Background & Aims: High-dose intravenous hepatitis B immunoglobulin (HBIG) may prevent recurrent hepatitis B virus (HBV) infection, but the cost has limited its widespread use in countries with endemic HBV infection. We report on long-term safety and efficacy of an alternative strategy of very low doses (400 - 800 IU/month) of intramuscular (IM) HBIG plus larnivudine. Methods: Australian and New Zealand patients who received low-dose HBIG plus lamivudine following liver transplantation for HBV-related end-stage liver disease were studied. Prior to transplantation, patients with detectable serum HBV DNA received larnivudine 100 mg daily. Posttransplantation, all patients received lamivudine 100 mg daily plus IM HBIG 400 or 800 IU daily for 1 week then monthly thereafter. Serum HBV DNA levels were measured prior to larnivudine, at transplantation, and at 12 months posttransplantation.
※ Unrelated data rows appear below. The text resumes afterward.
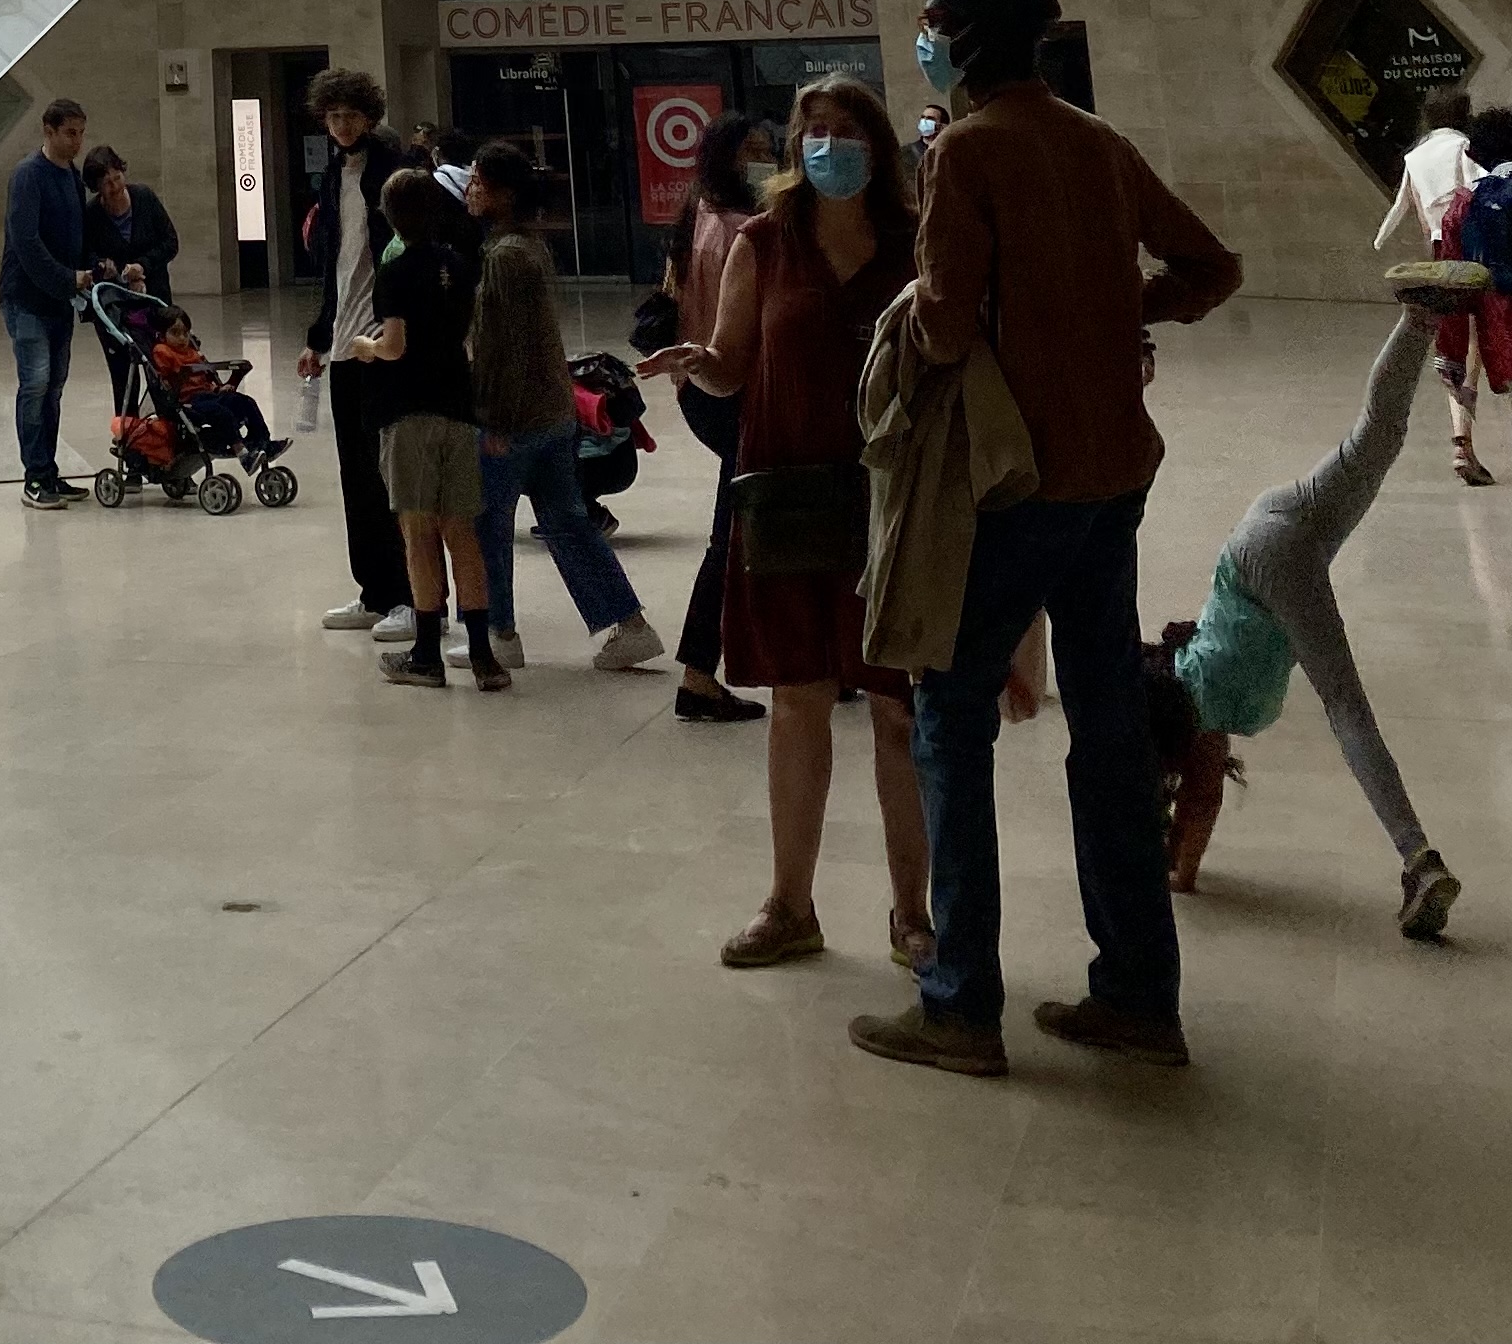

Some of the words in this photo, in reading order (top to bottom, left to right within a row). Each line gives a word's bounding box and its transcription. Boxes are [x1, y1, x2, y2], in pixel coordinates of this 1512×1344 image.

[1392, 56, 1408, 66] LA
[1411, 53, 1462, 65] MAISON
[499, 67, 549, 80] Librairie
[1384, 69, 1400, 79] DU
[1404, 66, 1466, 79] CHOCOLA
Serum titers of antibody to HBV surface antigen were measured at 1, 3, and 12 months posttransplantation. Results: Between February 1996 and October 2004, 147 patients received low-dose HBIG plus lamivudine. Thirty-one percent were hepatitis B e antigen positive, and 85% were HBV DNA+ prior to transplantation. The median duration of pretransplantation lamivudine was 92 days (range, 1-1775). Median follow-up posttransplantation was 1860 days. Kaplan-Meier patient survival was 92% at 1 year and 88% at 5 years. The actuarial risk of HBV recurrence was 1% at 1 year and 4% at 5 years. Baseline HBV DNA titer was associated with HBV recurrence. Conclusion: Low-dose IM HBIG plus lamivudine provides safe and effective long-term prophylaxis against recurrent HBV at < 10% the cost of the high-dose regimen.